AI-Assisted Frontend Debugging: Keep the Engineering Loop Honest

AI can make frontend debugging faster, especially when the issue sits across several layers: a React component, a TypeScript type, a Next.js route, an API response and a browser state that only appears in one condition.

But speed is not the same as understanding.

The real value of AI in debugging is not that it gives an instant answer. The value is that it helps generate hypotheses faster, compare possible causes, and reduce the time between observation and verification.

That only works if the engineer keeps ownership of the loop.

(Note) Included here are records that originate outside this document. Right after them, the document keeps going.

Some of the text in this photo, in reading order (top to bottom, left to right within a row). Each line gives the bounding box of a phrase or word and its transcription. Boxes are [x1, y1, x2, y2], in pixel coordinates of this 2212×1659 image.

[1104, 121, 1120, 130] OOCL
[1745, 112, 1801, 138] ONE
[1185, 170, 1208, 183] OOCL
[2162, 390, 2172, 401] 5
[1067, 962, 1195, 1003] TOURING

A practical debugging loop

When I use AI while debugging frontend work, I try to keep the workflow disciplined:

  1. Reproduce the problem first.

    If I cannot reproduce it, I do not yet understand the shape of the issue.

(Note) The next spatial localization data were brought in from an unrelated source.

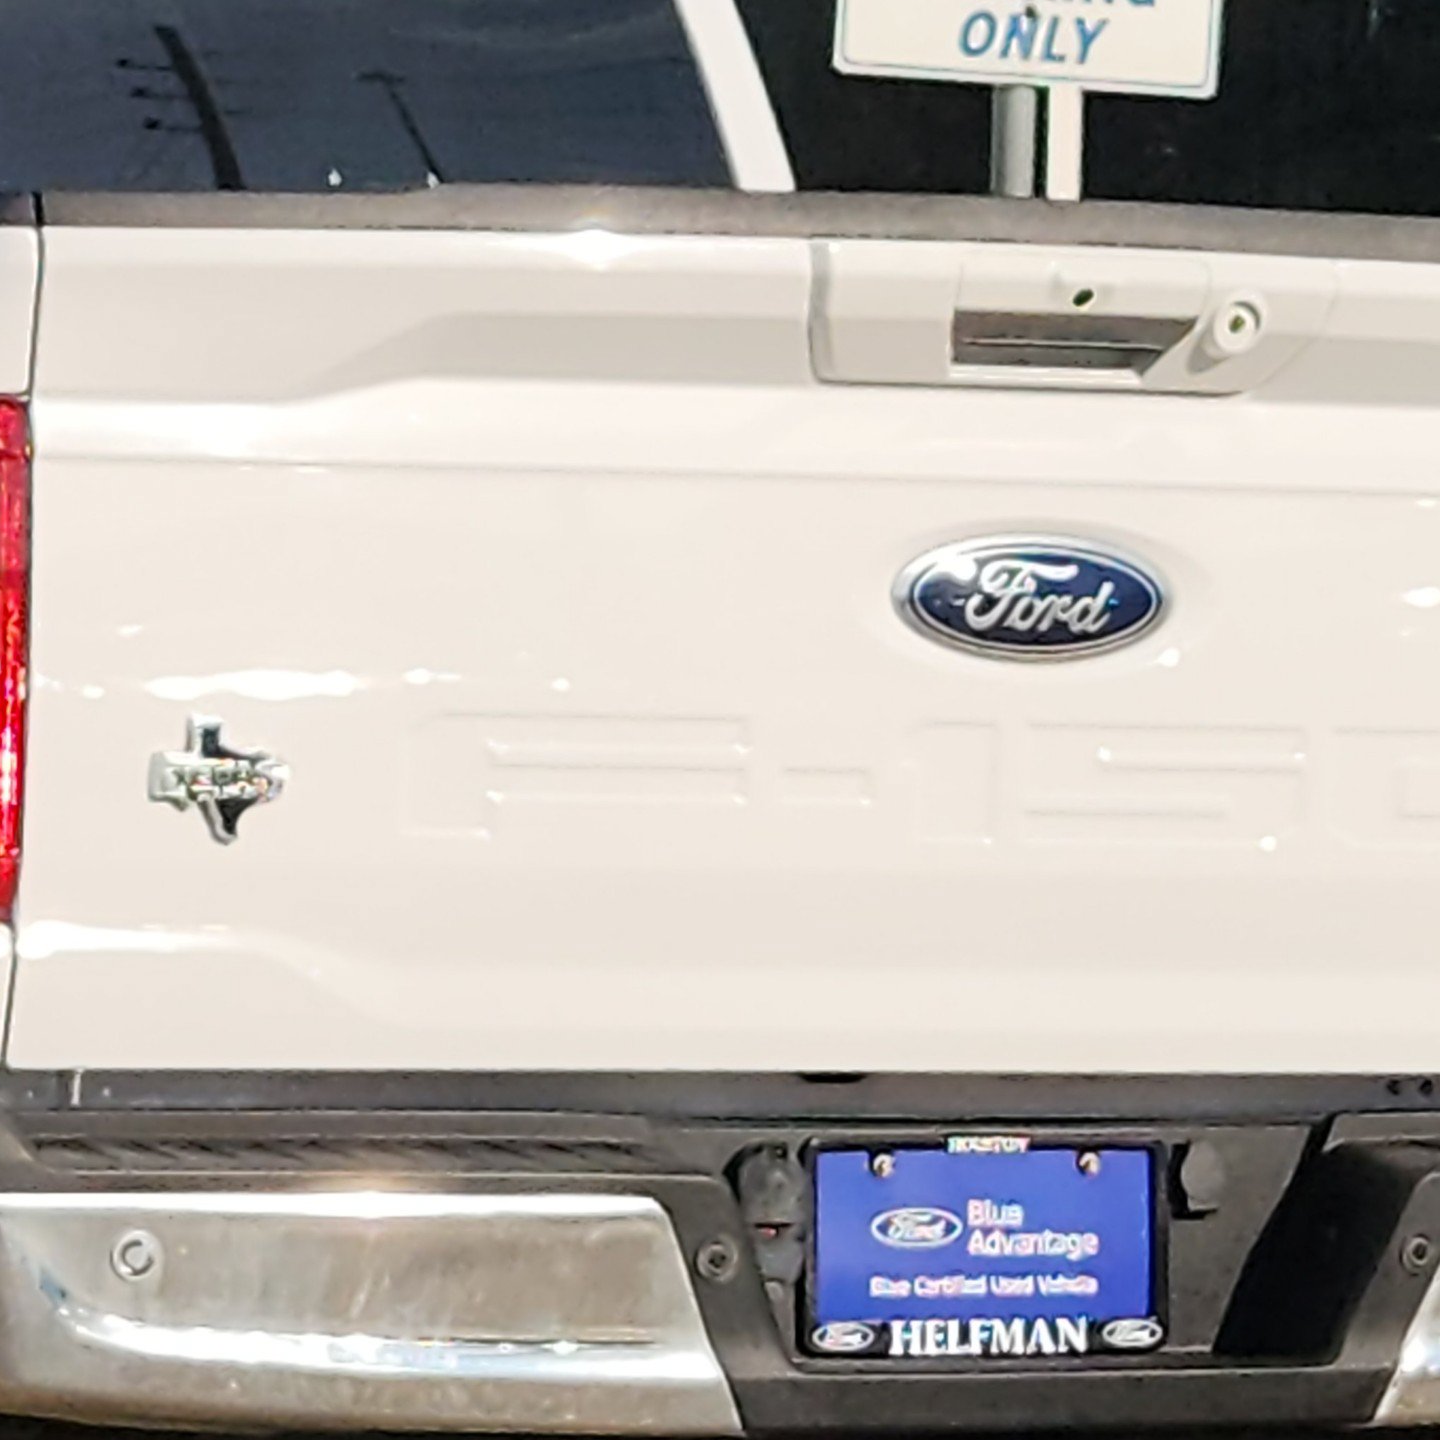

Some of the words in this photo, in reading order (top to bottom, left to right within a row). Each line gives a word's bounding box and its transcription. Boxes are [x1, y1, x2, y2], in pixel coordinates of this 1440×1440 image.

[958, 10, 1110, 65] ONLY
[964, 558, 1116, 634] Ford
[967, 1199, 1024, 1228] Blue
[967, 1228, 1100, 1261] Advantage
[888, 1317, 1090, 1357] HELFMAN

  2. Describe the expected behaviour.

    A plain-English description often exposes whether the bug is technical, product-related, or a mismatch in assumptions.

  3. Use AI for hypotheses, not authority.

    “What are three possible causes?” is usually safer than “fix this code.”

  4. Check the answer against the system.

    Types, tests, browser DevTools, network responses, error states and real user flows matter more than a confident generated explanation.

  5. Make the smallest explainable change.

    A good fix should be easy to describe in one or two sentences.

Why this matters in frontend engineering

Frontend bugs are often trust bugs.

A form that submits twice, a loading state that never resolves, an error message that hides the next action, or a data display that looks certain when it is not — these are not just code problems. They affect how people experience the product.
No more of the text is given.